Nowadays, it seems everyone is an expert in something. We all read blogs, follow those we like on Twitter, and skim Facebook for tidbits of knowledge we can take away and use to improve our lives and businesses. But when everyone is an “expert,” how do you know if you are receiving sage advice or snake oil? Here’s our take on the worst advice on the web.
The worst advice we see is thinking only of your long-term strategy (your 5 year plan, if you will). There is a fundamental flaw in this approach, and your business is bound to lose money if you follow that advice. We believe in short-term (6-18 month) strategies that create measurable results and are the basis to your long-term goals. So, what are the flaws in thinking only in the long-term?
Not testing your product. Testing is the only way to know if your product or service can live in the “real world.” Take a cue from big companies like Apple and GE – don’t skimp on R&D. Long-term strategists neglect to mention this core element of success.

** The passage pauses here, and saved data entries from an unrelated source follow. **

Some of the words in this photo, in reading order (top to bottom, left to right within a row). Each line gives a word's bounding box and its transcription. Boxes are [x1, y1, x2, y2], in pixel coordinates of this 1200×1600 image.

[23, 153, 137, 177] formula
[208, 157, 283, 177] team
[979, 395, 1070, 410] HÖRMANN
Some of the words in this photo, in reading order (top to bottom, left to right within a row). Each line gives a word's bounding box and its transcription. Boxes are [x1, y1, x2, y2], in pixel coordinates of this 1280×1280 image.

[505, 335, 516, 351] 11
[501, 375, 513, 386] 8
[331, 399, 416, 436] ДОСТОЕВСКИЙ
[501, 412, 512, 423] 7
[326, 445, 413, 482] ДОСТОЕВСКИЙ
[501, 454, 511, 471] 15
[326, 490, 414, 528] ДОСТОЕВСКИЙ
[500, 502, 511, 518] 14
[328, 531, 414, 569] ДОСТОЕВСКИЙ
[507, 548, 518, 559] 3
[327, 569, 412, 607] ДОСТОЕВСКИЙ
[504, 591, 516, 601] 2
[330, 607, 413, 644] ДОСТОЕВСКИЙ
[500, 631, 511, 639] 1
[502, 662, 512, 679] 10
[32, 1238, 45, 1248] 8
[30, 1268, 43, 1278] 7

Not testing your marketing plan and tactics. If you don’t test your plan and tactics, how will you know what works? If you approach your plan in the short-term mindset, you can adjust your tactics to fill needs and review the best practices for success. Long-term tactics are hard to measure and test.
Use gimmicks. Gimmicks rarely work, and most consumers are savvy enough to see through this. Many view a gimmick as a cover-up for a flaw in your product or service. Avoid gimmicks whenever possible. Long-term tactics don’t account for testing (see above), and suggest using gimmicks to fall back on to boost sales.

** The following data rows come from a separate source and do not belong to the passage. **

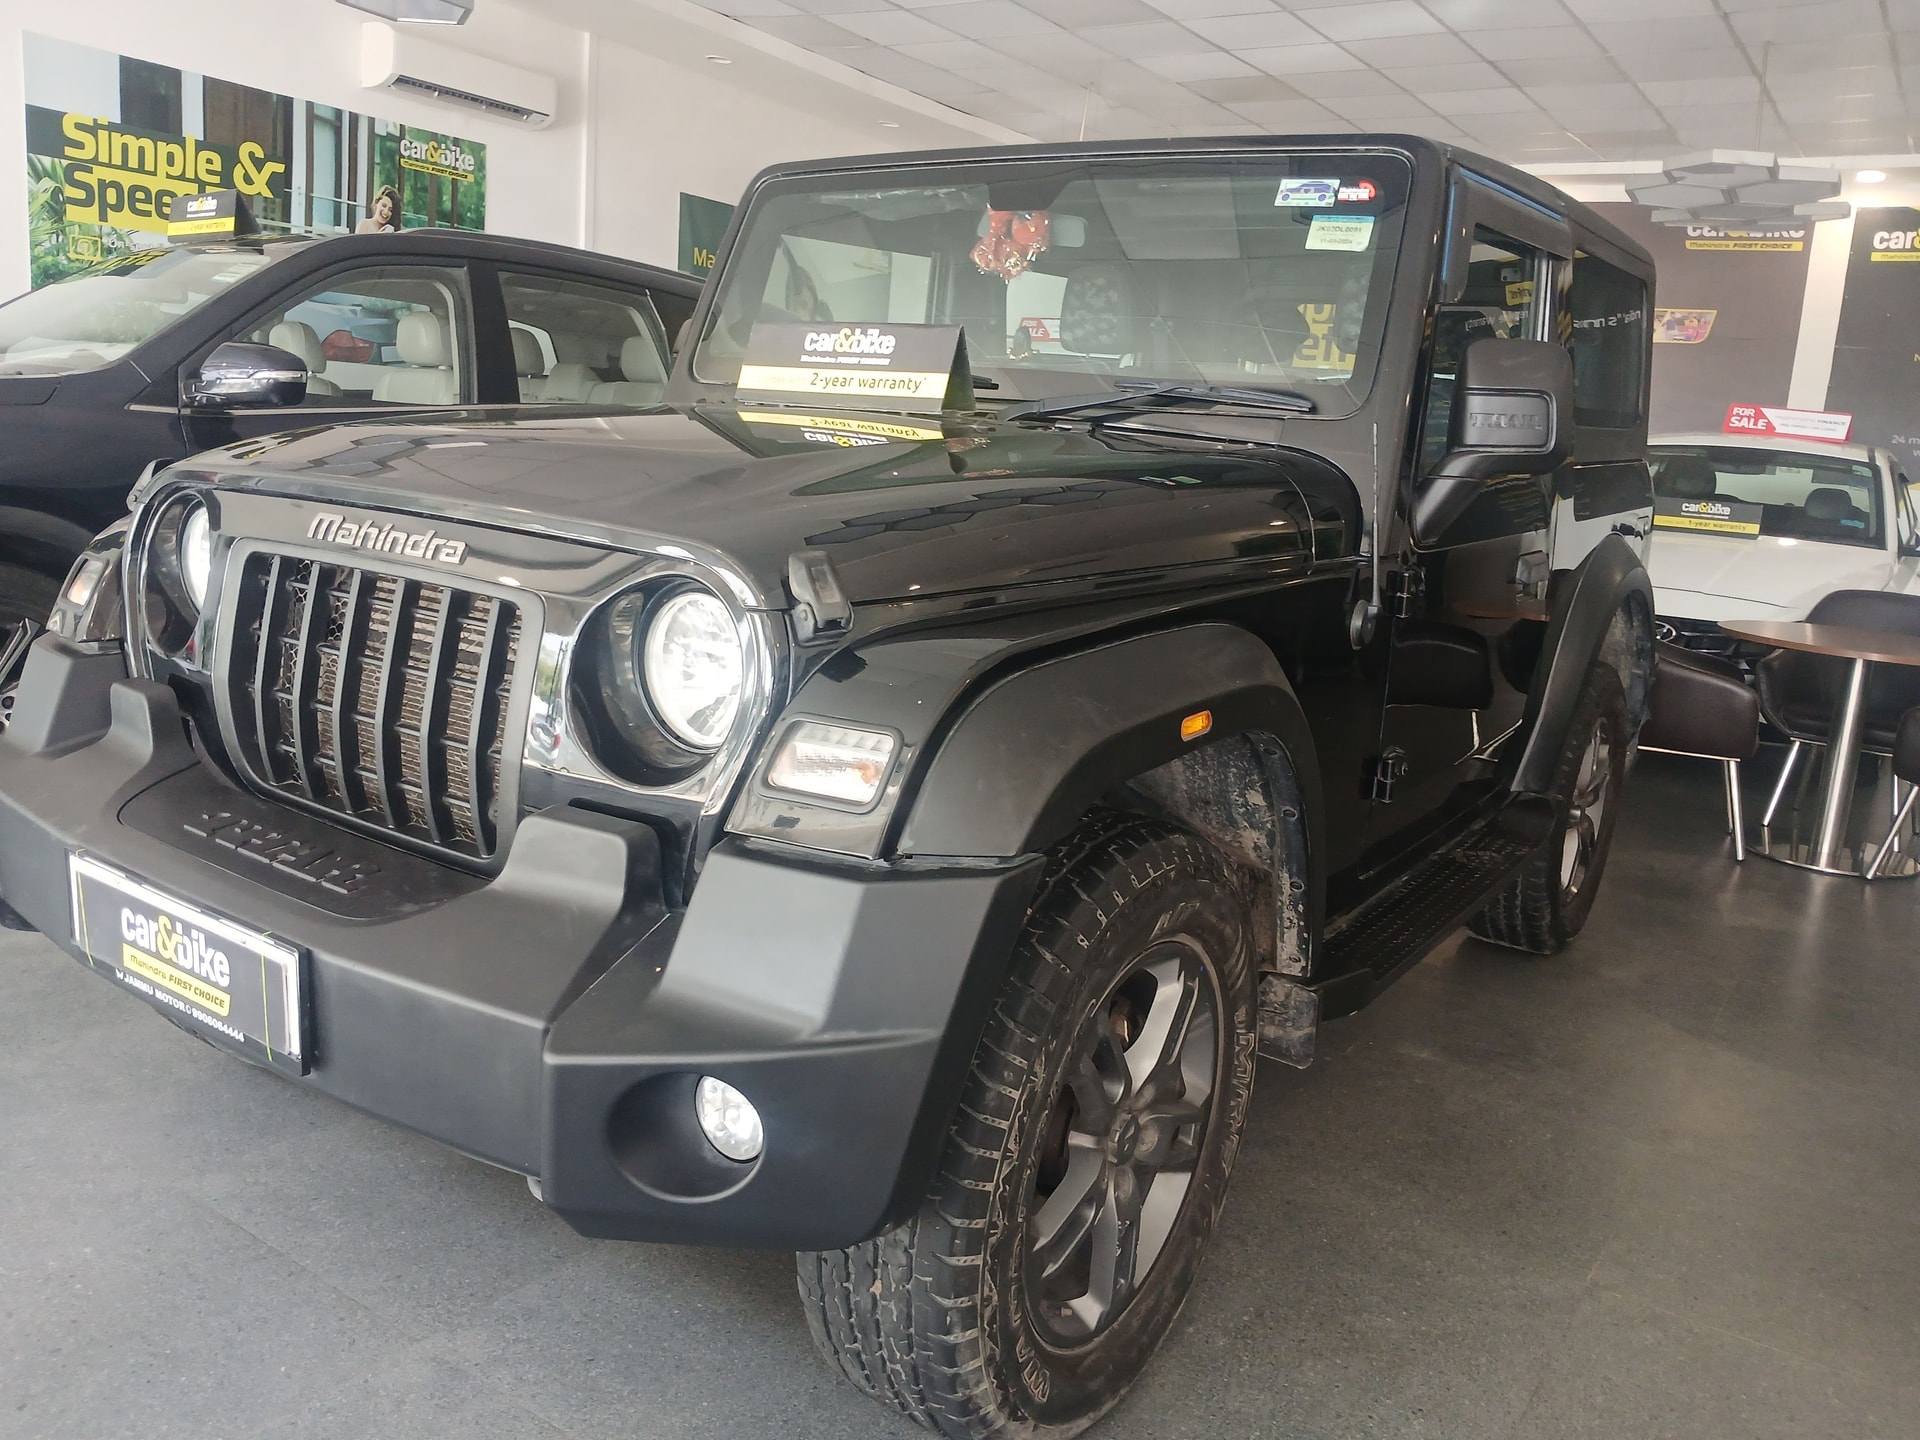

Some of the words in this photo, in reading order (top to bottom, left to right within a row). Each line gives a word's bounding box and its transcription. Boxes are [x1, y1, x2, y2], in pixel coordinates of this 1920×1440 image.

[62, 112, 222, 184] Simple
[233, 141, 285, 198] &
[400, 139, 475, 171] car&bike
[804, 327, 896, 355] car&bike
[809, 372, 854, 390] 2-year
[1728, 416, 1769, 430] SALE
[1732, 407, 1756, 417] FOR
[1891, 435, 1905, 444] 24
[1681, 502, 1731, 515] car&bike
[307, 512, 469, 565] Mahindra
[1713, 523, 1746, 531] warranty
[121, 907, 230, 987] car&bike
[168, 973, 193, 992] FIRST
[193, 986, 225, 1009] CHOICE

Be appealing to lots of people. WRONG! You might as well just dump cash in your in-sink-erator. Create a target audience with very specific demographics and psychographics, and create a “marketing GPS” to find it. This will allow you to test your message and hone in on the group most likely to benefit from your product.
We always craft our marketing campaigns to drive short-term results first. When we know what works in the 6-18 month time frame, we can create long-term strategies based on those results. Keep these tips in mind to avoid the “bad advice” pitfalls.